The advantages of Python's import that I wrote about were simply two:
Clear what you include when using import
Explicit how you modify your own module's namespace (for the program or for others to import)
A nice property of require is that it is actually a method defined in Kernel. Thus you can override it and implement your own packaging system for Ruby, which is what e.g. Rubygems does!
PS: I am not selling monkey patching here, but the fact that Ruby's package system can be rewritten by the user (even to work like python's system). When you write a new programming language, you cannot get everything right. Thus if your import mechanism is fully extensible (into totally all directions) from within the language, you do your future users the best service. A language that is not fully extensible from within itself is an evolutionary dead-end. I'd say this is one of the things Matz got right with Ruby.
Python's import provides a very explicit kind of namespace: the namespace is the path, you don't have to look into files to know what namespace they do their definitions in, and your file is not cluttered with namespace definitions. This makes the namespace scheme of an application simple and fast to understand (just look at the source tree), and avoids simple mistakes like mistyping a namespace declaration.

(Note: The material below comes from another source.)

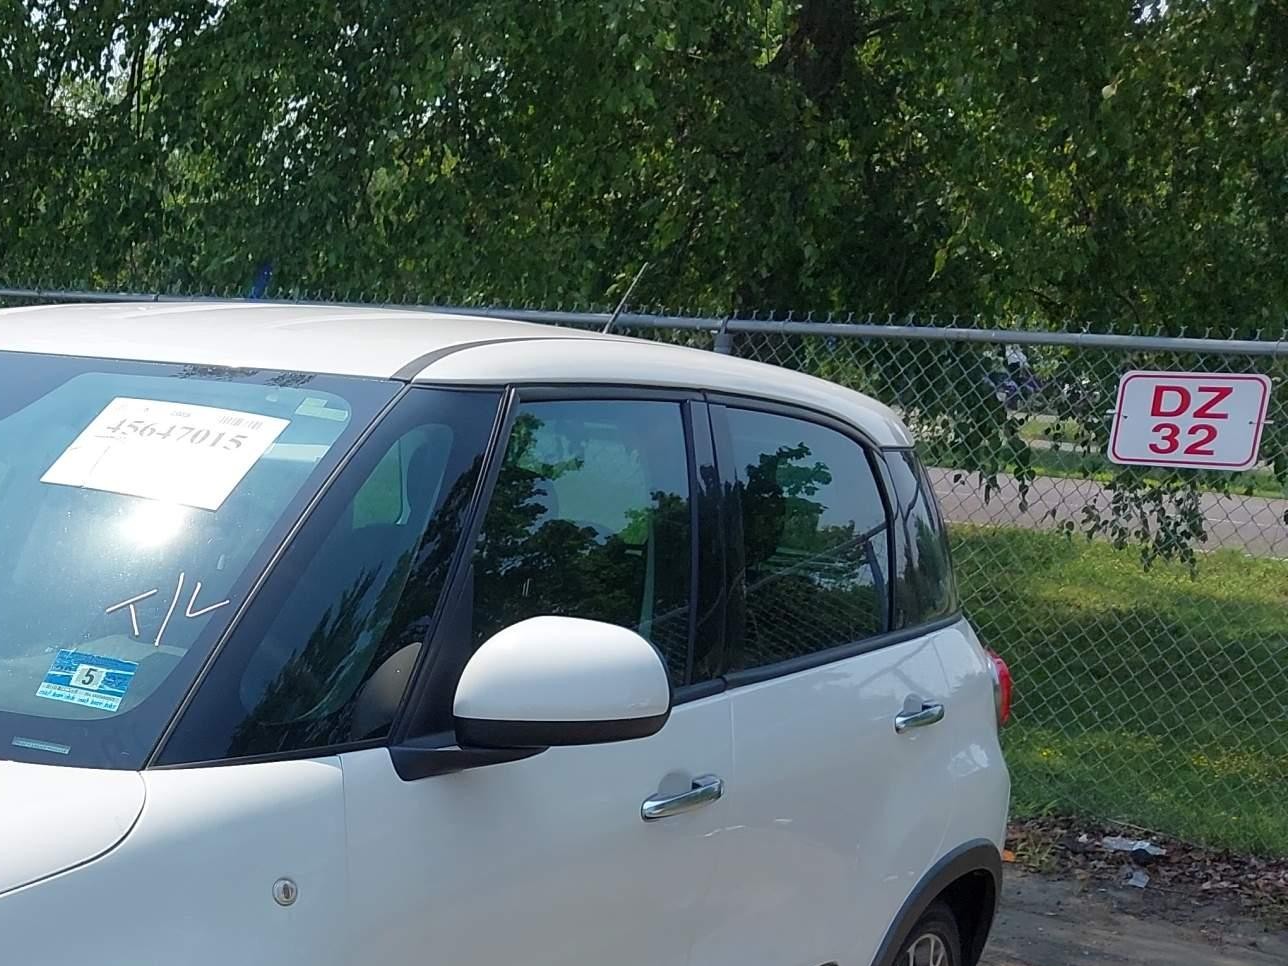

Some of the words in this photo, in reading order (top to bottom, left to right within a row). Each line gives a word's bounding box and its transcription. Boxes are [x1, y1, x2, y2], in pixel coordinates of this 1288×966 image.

[1150, 384, 1234, 419] DZ
[106, 418, 249, 451] 45647015
[1148, 423, 1218, 456] 32
[81, 667, 98, 686] 5

A nice side effect is every file has its own private namespace, so you don't have to worry about conflicts when naming things.

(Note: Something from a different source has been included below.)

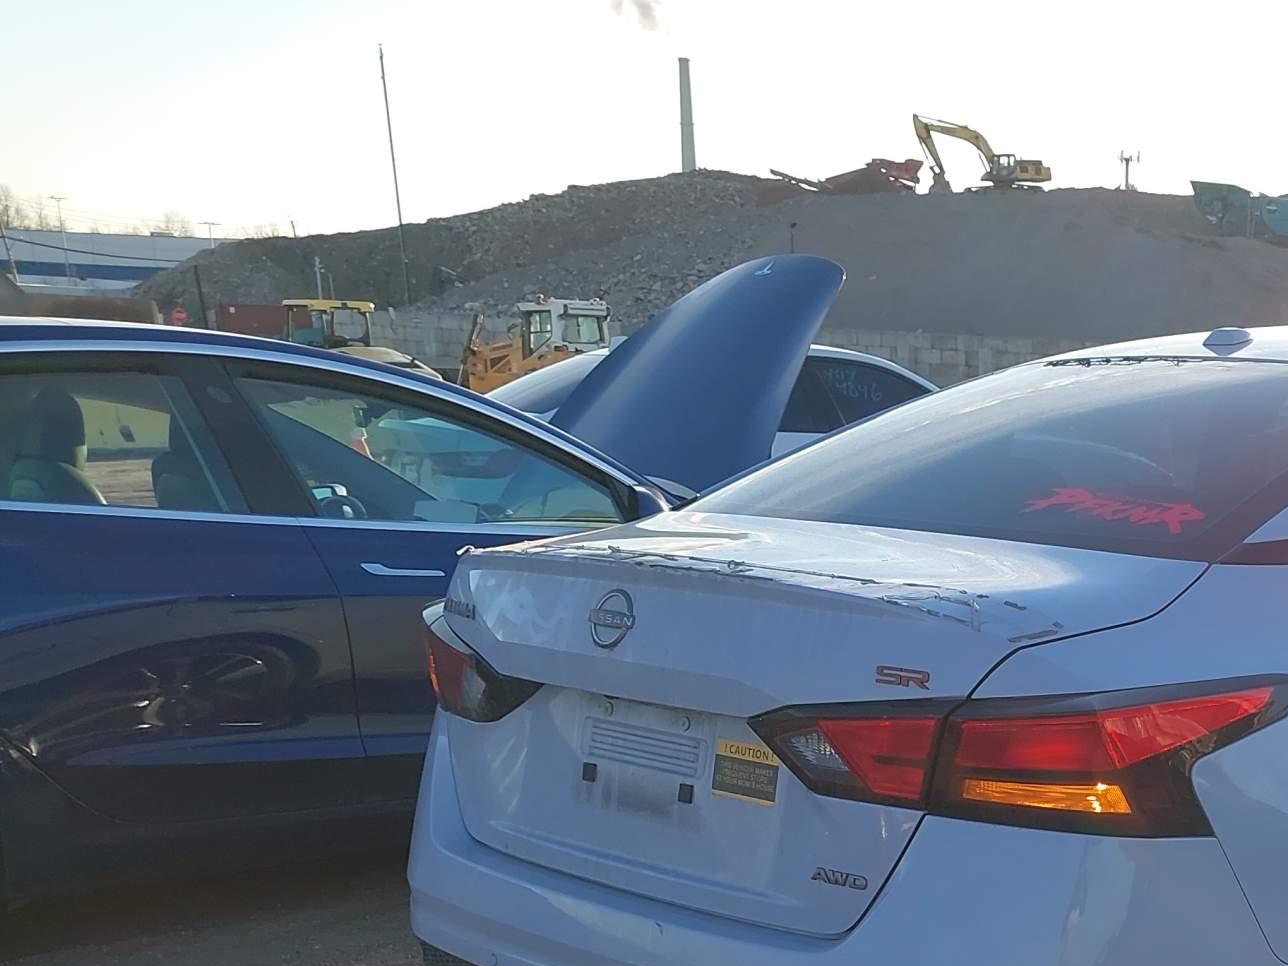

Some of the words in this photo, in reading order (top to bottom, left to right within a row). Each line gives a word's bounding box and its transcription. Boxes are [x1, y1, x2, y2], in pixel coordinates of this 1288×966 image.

[876, 665, 930, 690] SR
[729, 744, 769, 760] CAUTION
[811, 867, 868, 890] AWD

Sometimes namespaces can get annoying too, having things like some.module.far.far.away.TheClass() everywhere can quickly make your code very long and boring to type. In these cases you can import ... from ... and inject bits of another namespace in the current one. If the injection causes a conflict with the module you are importing in, you can simply rename the thing you imported: from some.other.module import Bar as BarFromOtherModule.
Python is still vulnerable to problems like circular imports, but it's the application design more than the language that has to be blamed in these cases.
So python took C++ namespace and #include and largely extended on it. On the other hand I don't see in which way ruby's module and require add anything new to these, and you have the exact same horrible problems like global namespace cluttering.
Disclaimer, I am by no means a Python expert.
The biggest advantage I see to require over import is simply that you don't have to worry about understanding the mapping between namespaces and file paths. It's obvious: it's just a standard file path.
I really like the emphasis on namespacing that import has, but can't help but wonder if this particular approach isn't too inflexible. As far as I can tell, the only means of controlling a module's naming in Python is by altering the filename of the module being imported or using an as rename. Additionally, with explicit namespacing, you have a means by which you can refer to something by its fully-qualified identifier, but with implicit namespacing, you have no means to do this inside the module itself, and that can lead to potential ambiguities that are difficult to resolve without renaming.
i.e., in foo.py:
class Bar:
def myself(self):
return foo.Bar
This fails with:
Traceback (most recent call last):
File "", line 1, in ?
File "foo.py", line 3, in myself
return foo.Bar
NameError: global name 'foo' is not defined
Both implementations use a list of locations to search from, which strikes me as a critically important component, regardless of the model you choose.
What if a code-loading mechanism like require was used, but the language simply didn't have a global namespace? i.e., everything, everywhere must be namespaced, but the developer has full control over which namespace the class is defined in, and that namespace declaration occurs explicitly in the code rather than via the filename. Alternatively, defining something in the global namespace generates a warning. Is that a best-of-both-worlds approach, or is there an obvious downside to it that I'm missing?